Mr Cachalia asked how the exceptions were treated under the principle of fair use in other jurisdictions. Were the exceptions laid out or were that addressed under fair use and, if so, how?

Ms Meshendri Padayachy, Deputy Director: Intellectual Property Law, DTI, explained that fair use was a general exception and was broader, but the Bill was using a hybrid model. The World Intellectual Properties Office was looking at exceptions and limitations because of the preservation role played by those institutions in 13(b). Fair use allowed the exceptions and could be seen as a golden link, but the Bill needed a specific exception so that libraries knew how to use the exception and because the Bill had taken the hybrid approach. The exception also meant that officials in those institutions could not be held liable for exercising the exceptions.

The Committee agreed to expand the exception in 13(a) to ensure consistency.

The Committee approved Clause 20 section 19C in principle.

Clause 20 Section 19D General exceptions regarding protection of copyright work for persons with disability
Adv van der Merwe explained that the change was to using the word ‘person’ and not organisations. The organisations had to be prescribed by the Minister. Those organisations could make accessible copies for persons with disabilities.

The Committee approved Clause 20 section 19D in principle.

Clause 21 Section 20
Section 20 dealt with moral rights. The amendments ensured alignment of terminology. For example, ‘transfer’ became ‘assignment’ of works. The works were not listed any longer. The reference was to ‘all’ works because moral rights should exist with all works. The clause included a proviso for a sound recording, audiovisual works or computer programme that stated the author could not prevent changes, even if a person had the moral rights. Subsection dealt with the right to talk legal action to enforce one’s moral rights.

The Committee approved Clause 20 section 19D in principle.

The Chairperson noted that there were two paragraphs in the next two clauses that would have to await the legal opinion but he asked Adv van der Merwe to explain.

Clause 22 Section 21
Adv van der Merwe explained that paragraph 21(b) had to be flagged because it was linked to Clause 3.
Paragraph 21(a) required a written agreement between parties for a commissioned work. More paragraphs had been inserted. Paragraphs 21(c)(a) and 21(c)(b) spoke about the agreement and what it had to look like and 21(c)(c) indicated when the Tribunal could determine that the author could request use of a work that was not being used, etc. That request could not include personal works. The clause had been heavily debated because Members had questioned how the Tribunal would know when to allow an author to use the work. She explained that all of the conditions discussed by the Committee had been included in the subsection.

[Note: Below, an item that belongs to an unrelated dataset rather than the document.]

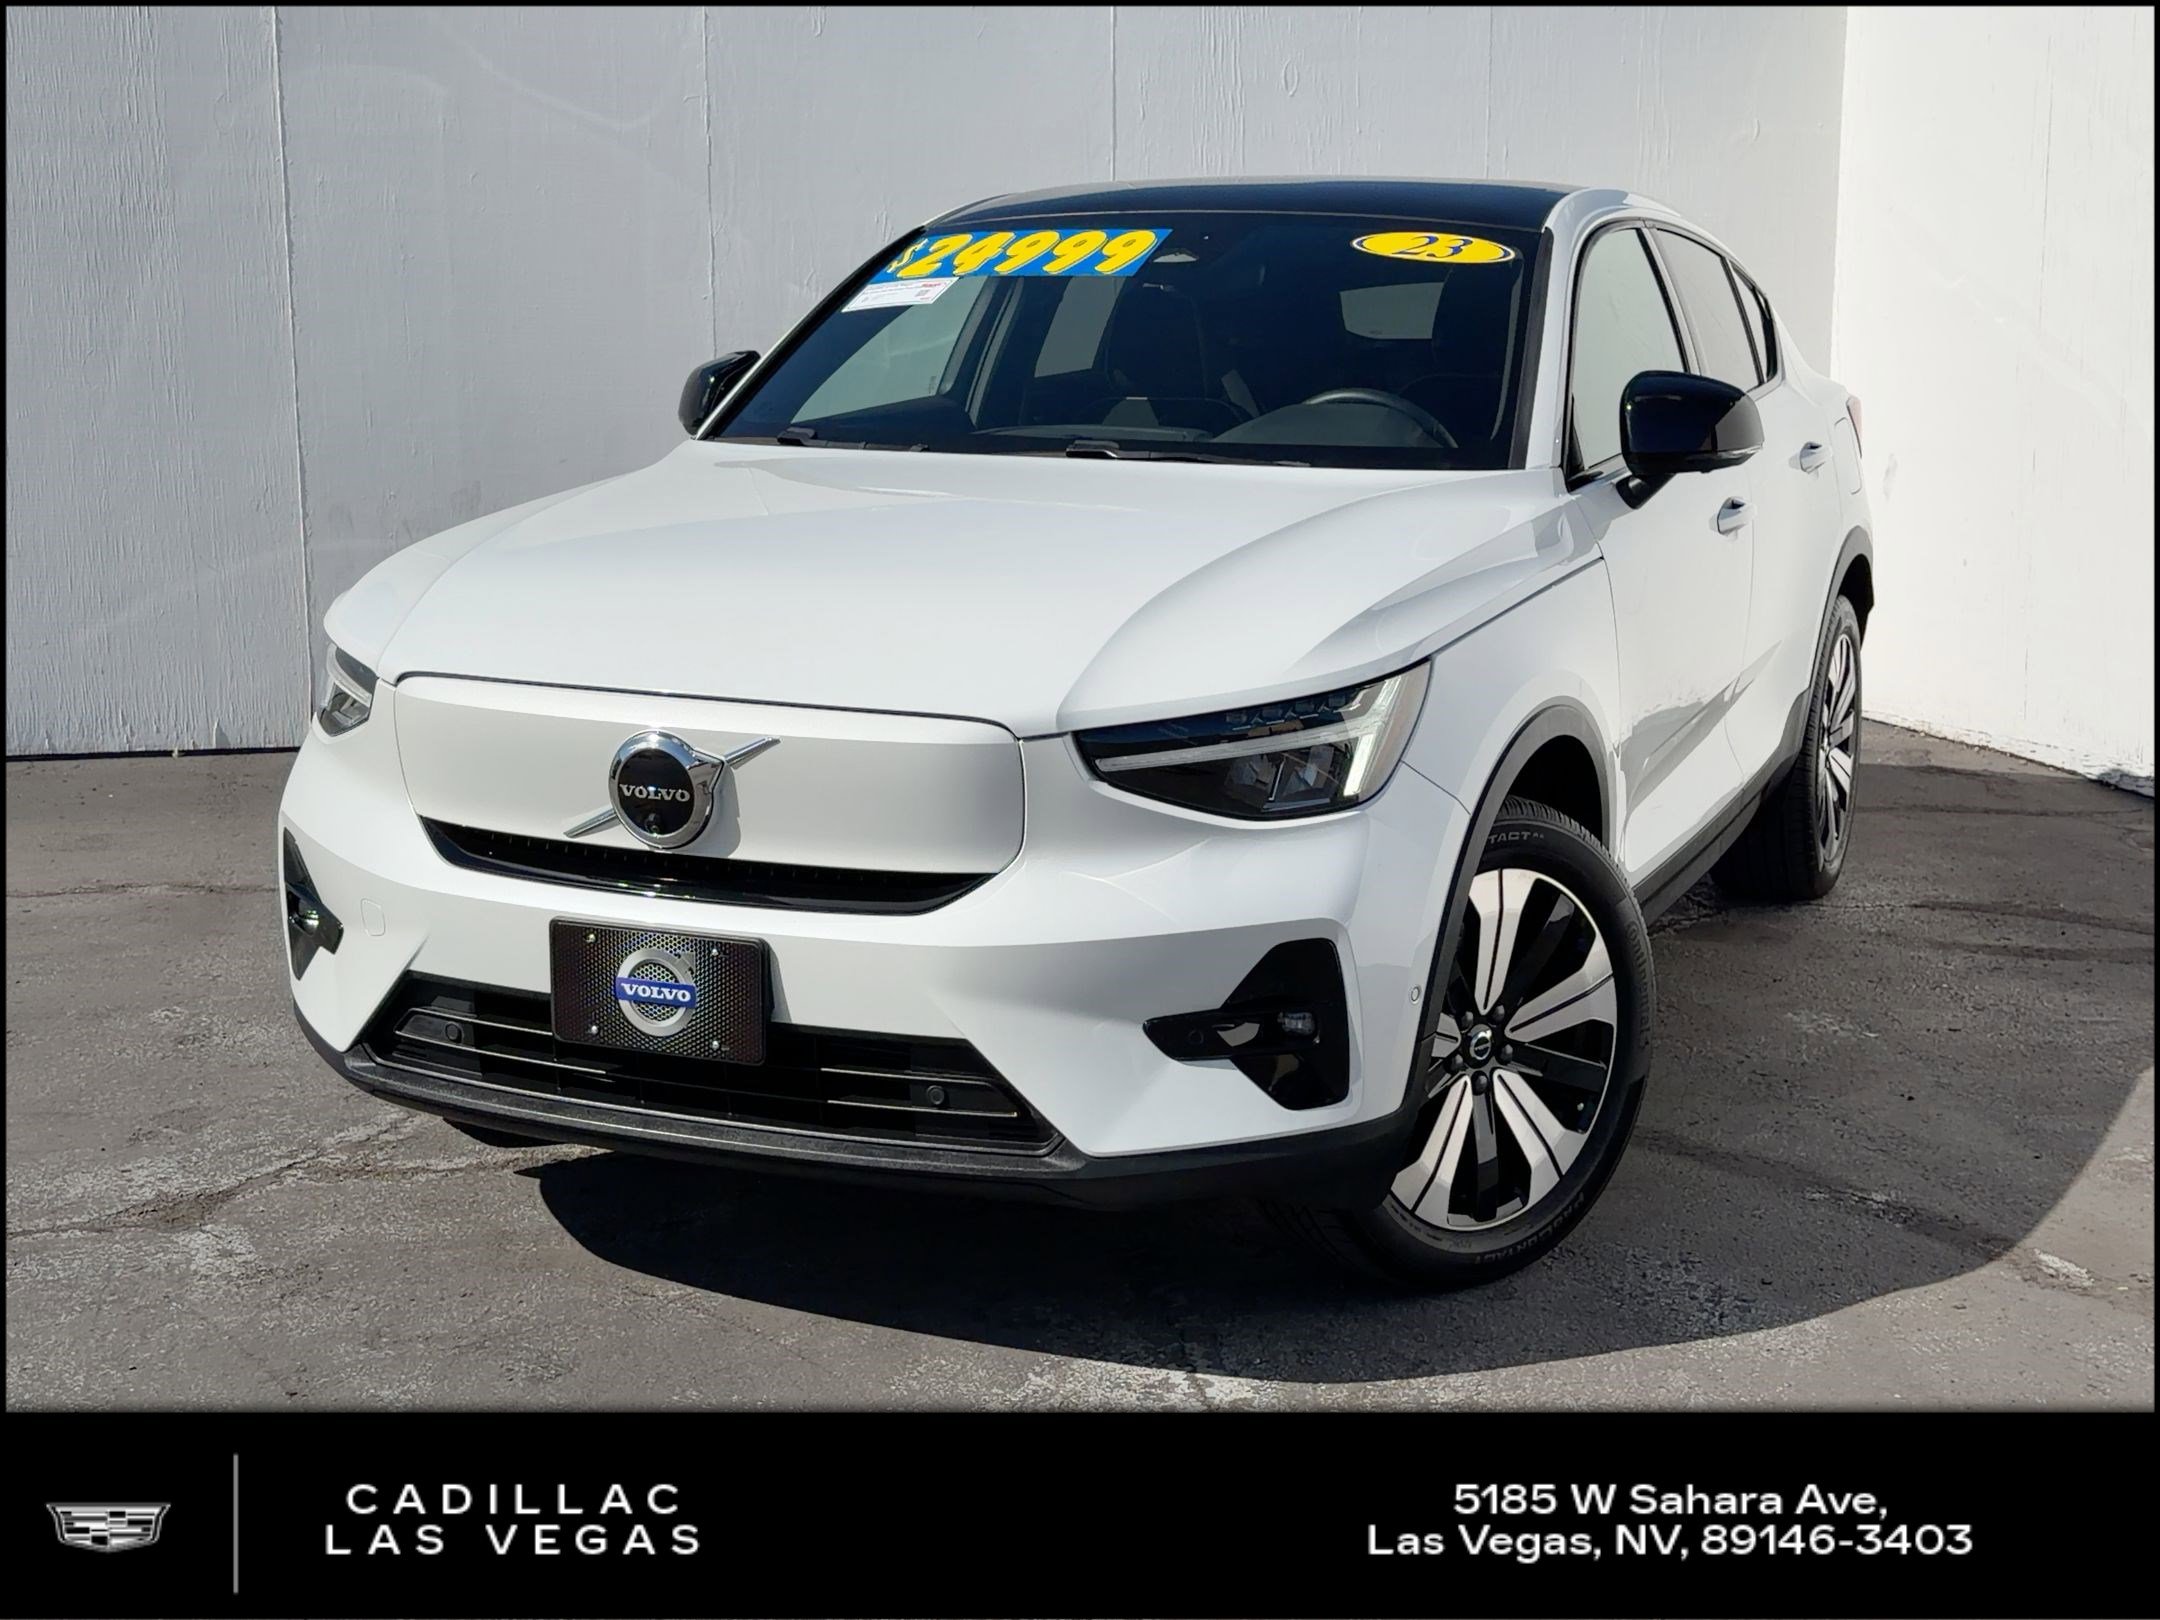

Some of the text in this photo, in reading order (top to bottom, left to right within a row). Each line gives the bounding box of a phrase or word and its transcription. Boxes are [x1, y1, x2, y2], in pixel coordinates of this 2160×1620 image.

[887, 229, 1159, 279] $24999
[1392, 235, 1474, 259] 23
[618, 783, 691, 803] VOLVO
[620, 982, 692, 1003] VOLVO

The Committee approved Clause 22 but section 21(b) was flagged.

The Acting Chairperson informed the Advocate that she did not need to go into too much detail about the remaining clauses where issues had been dealt with.

Clause 23 Section 22
In Clause 23, section 22(b) was flagged.
Section 22(a) said that copyright owned by the state could not be assigned. Paragraph 22(c) was an addition of subsection (8) and indicated whether a licence was allowed or not.

The Committee approved Clause 23, sections 22(a) and (c), but section 22(b) was flagged.

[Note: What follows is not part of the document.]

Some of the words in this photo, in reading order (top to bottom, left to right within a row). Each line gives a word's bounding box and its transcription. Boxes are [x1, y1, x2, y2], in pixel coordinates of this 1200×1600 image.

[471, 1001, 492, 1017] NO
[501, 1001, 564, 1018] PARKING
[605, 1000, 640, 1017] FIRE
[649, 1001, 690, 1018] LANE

Ms Theko said that the Acting Chairperson could not say that he agreed with himself. The Committee had to agree with him when approving a clause.

The Acting Chairperson said Members had to raise objections where they did not agree.

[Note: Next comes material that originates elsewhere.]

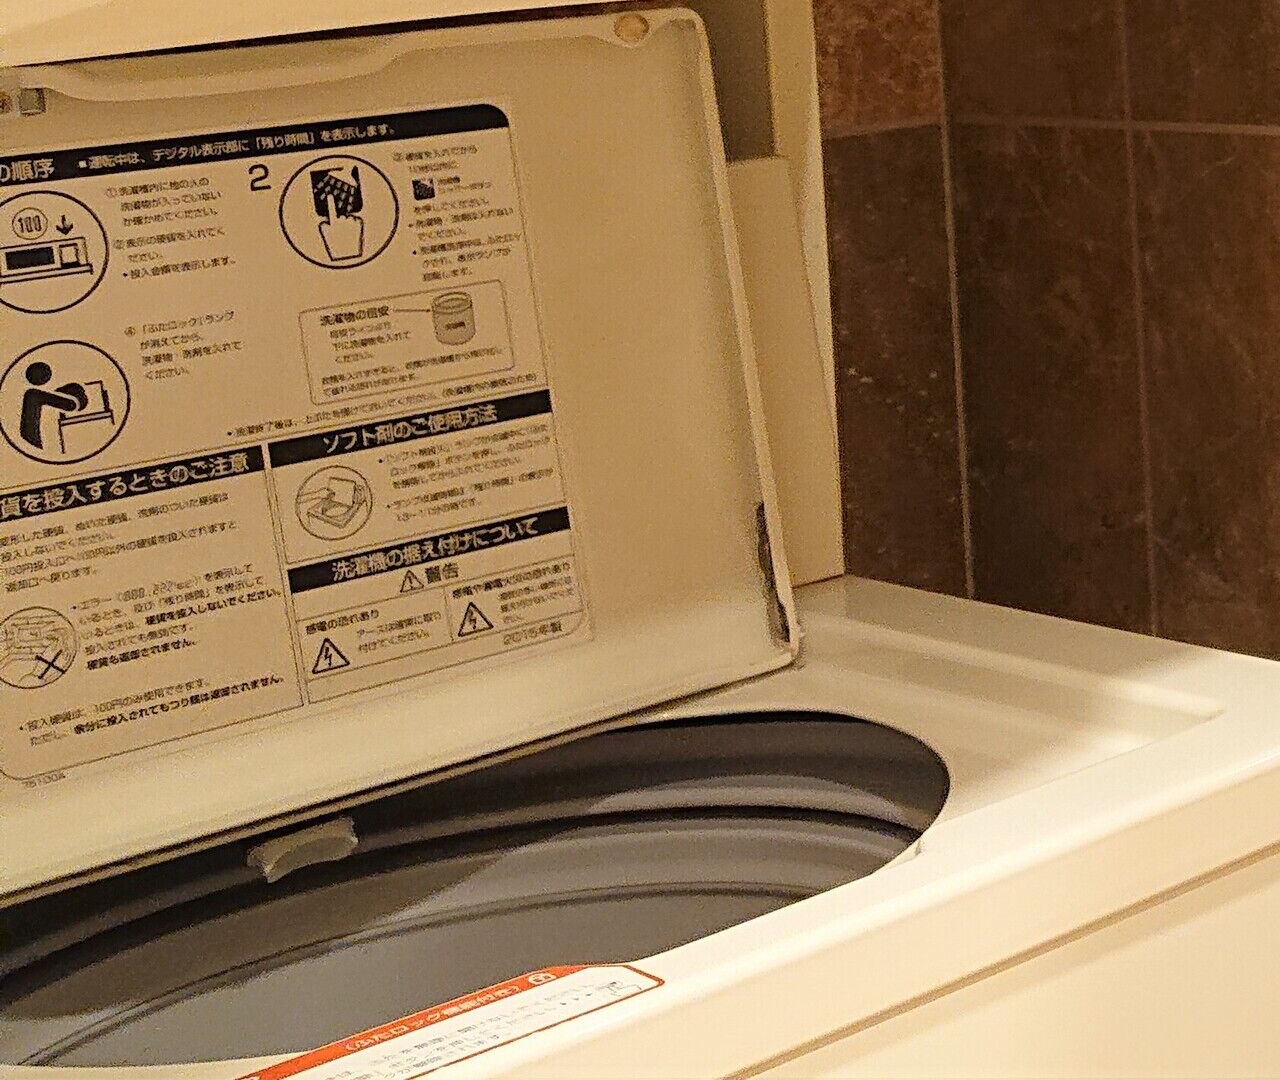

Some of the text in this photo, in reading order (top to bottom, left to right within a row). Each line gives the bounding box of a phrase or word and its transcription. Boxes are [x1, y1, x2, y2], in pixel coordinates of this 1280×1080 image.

[248, 163, 271, 192] 2
[324, 404, 498, 453] ソフト剤のご使用方法
[332, 517, 539, 582] 洗濯機の据え付けについて

Mr Cachalia said that Members reserved the right to object at a later stage.

The Chairperson agreed with Mr Cachalia because the agreement was only in principle. When it came to the clause-by-clause reading, Members could object and then the clause would go to a vote. The process had been working well throughout the meeting and he did not think that it was necessary to change the modus operandi at that stage.

Clause 24 Section 22A Licences in respect of orphan works
Adv van der Merwe stated that a new section related to orphan works had been inserted. Subsection 10 was an insertion based on the input of the expert panel. It related to the identity of an author who had a resale royalty right and was unknown or could not be located. It indicated the Commission’s (CIPC’s) role.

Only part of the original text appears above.